System and Object Privileges Required for Working with JavaScript in MLE
Depending on the project's requirements, different privileges can be granted to users and or roles, allowing them to interact with JavaScript in the database.
Administrators should review application requirements carefully and only grant the minimum number of privileges necessary to users. This is especially true for system privileges, which are very powerful and should only be granted to trusted users.
MLE distinguishes between dynamic
MLE execution based on
DBMS_MLE, which requires an additional privilege to be granted,
and MLE execution using MLE modules and environments, which does
not.
Creating stored code in JavaScript requires additional privileges to create JavaScript schema objects in your own schema.

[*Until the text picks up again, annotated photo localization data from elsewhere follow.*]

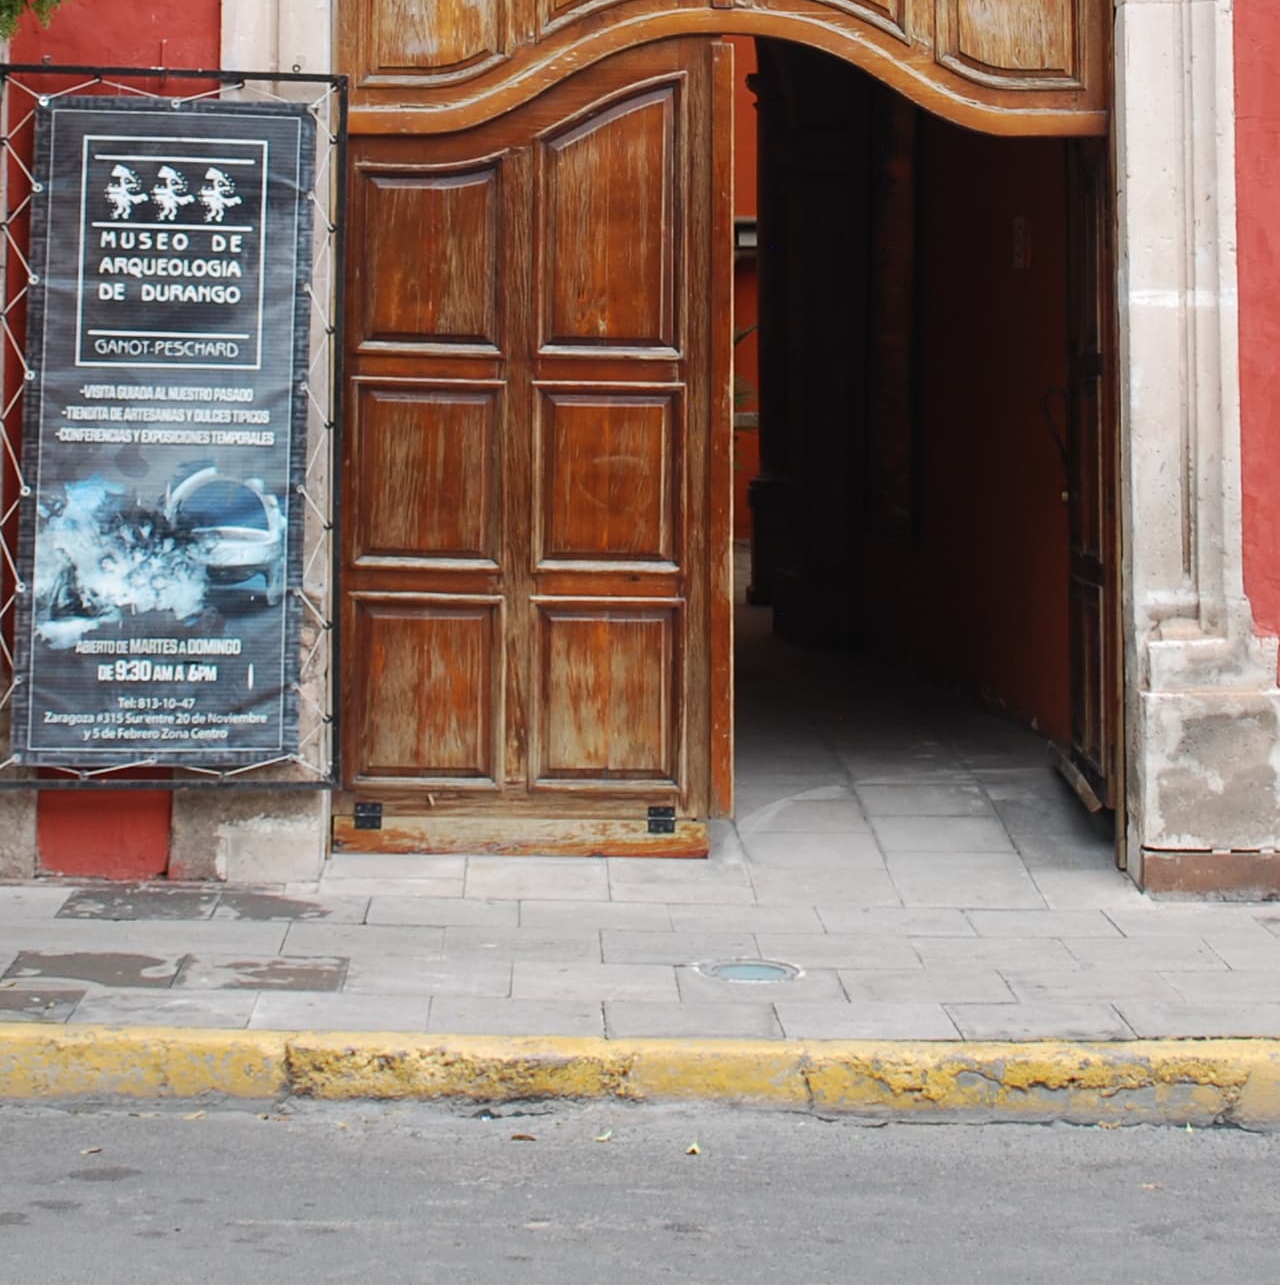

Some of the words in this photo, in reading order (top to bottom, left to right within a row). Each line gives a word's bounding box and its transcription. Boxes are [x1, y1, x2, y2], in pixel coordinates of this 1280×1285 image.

[100, 231, 189, 251] MUSEO
[211, 234, 243, 253] DE
[99, 256, 242, 278] ARQUEOLOGIA
[98, 282, 126, 301] DE
[141, 283, 241, 304] DURANGO
[94, 338, 239, 358] GANOT-PESCHARD
[154, 386, 166, 400] AL
[167, 386, 213, 401] NUESTRO
[213, 387, 253, 402] PASADO
[109, 406, 124, 421] DE
[185, 409, 194, 422] Y
[193, 409, 232, 423] DULCES
[132, 429, 141, 443] Y
[141, 429, 210, 444] EXPOSICIONES
[210, 430, 275, 445] TEMPORALES
[75, 639, 115, 654] ABIERTO
[116, 640, 129, 654] DE
[129, 638, 178, 654] MARTES
[178, 640, 187, 654] A
[187, 638, 242, 655] DOMINGO
[97, 664, 114, 681] DE
[152, 665, 174, 681] AM
[174, 665, 184, 681] A
[44, 711, 95, 726] Zaragoza
[96, 712, 124, 723] #315
[124, 712, 144, 724] Sur
[144, 713, 174, 724] entre
[175, 712, 191, 724] 20
[191, 712, 206, 724] de
[207, 711, 268, 723] Noviembre
[82, 729, 91, 741] y
[92, 727, 100, 739] 5
[101, 727, 116, 739] de
[117, 727, 160, 739] Febrero
[160, 728, 189, 739] Zona
[190, 727, 228, 739] Centro

The most powerful privileges available in MLE allow super-users to create, alter, and
drop MLE schema objects in any schema, not
just their own. As with all privileges in Oracle AI Database, those with
ANY in their name are most powerful and should only be granted
to trusted users if deemed absolutely necessary.
Note:
Object privileges on modules and environments do not grant access to an application, for example, the combination of source code and user context defined by a call specification (or throughDBMS_MLE). This is achieved by granting access to the procedure
or function object of the call specification.
See Also:
-
Necessary Privileges for Creating MLE Modules and Environments in ANY Schema for more about handling system privileges
-
Oracle AI Database Security Guide for more information about privileges in the Oracle AI Database
Topics
- Necessary Privileges for Dynamic MLE Execution
- Necessary Privileges for Using the NoSQL API
- Necessary Privileges for Creating MLE Schema Objects
- Necessary Privileges for Creating MLE Modules and Environments in ANY Schema
- Necessary Privileges for Post-Execution Debugging
Parent topic: MLE Security
Necessary Privileges for Dynamic MLE Execution
Before you can use DBMS_MLE to perform dynamic execution of JavaScript
code, the following object grant must be issued to your user account:
GRANT EXECUTE DYNAMIC MLE TO <role | user>Necessary Privileges for Using the NoSQL API
In cases where MLE JavaScript code references
the Simple Oracle Document Access (SODA), the SODA_APP role must be
granted to the user or role:
GRANT SODA_APP <role | user>Necessary Privileges for Creating MLE Schema Objects
If you wish to create MLE modules and environments in your own schema, further system privileges are required:
GRANT CREATE MLE TO <role | user>In case any MLE module is to be exposed to the database's SQL and PL/SQL layers in the form of call specifications, you also require the right to create PL/SQL procedures:
GRANT CREATE PROCEDURE TO <role | user>It is highly likely that you will require further system privileges,
depending on your use case, to create additional schema objects such as tables,
indexes, and sequences. Beginning with Oracle AI Database 26ai, the
DB_DEVELOPER_ROLE role allows administrators to grant the
necessary privileges to developers in their local development databases quickly. The
role can be granted as shown in the following snippet:
GRANT DB_DEVELOPER_ROLE TO <role | user>See Also:
Oracle AI Database
Security Guide for
more information about the DB_DEVELOPER_ROLE role
Necessary Privileges for Creating MLE Modules and Environments in ANY Schema
Additional privileges can be granted to power users and administrators, allowing them to create, alter, and drop MLE schema objects in any schema.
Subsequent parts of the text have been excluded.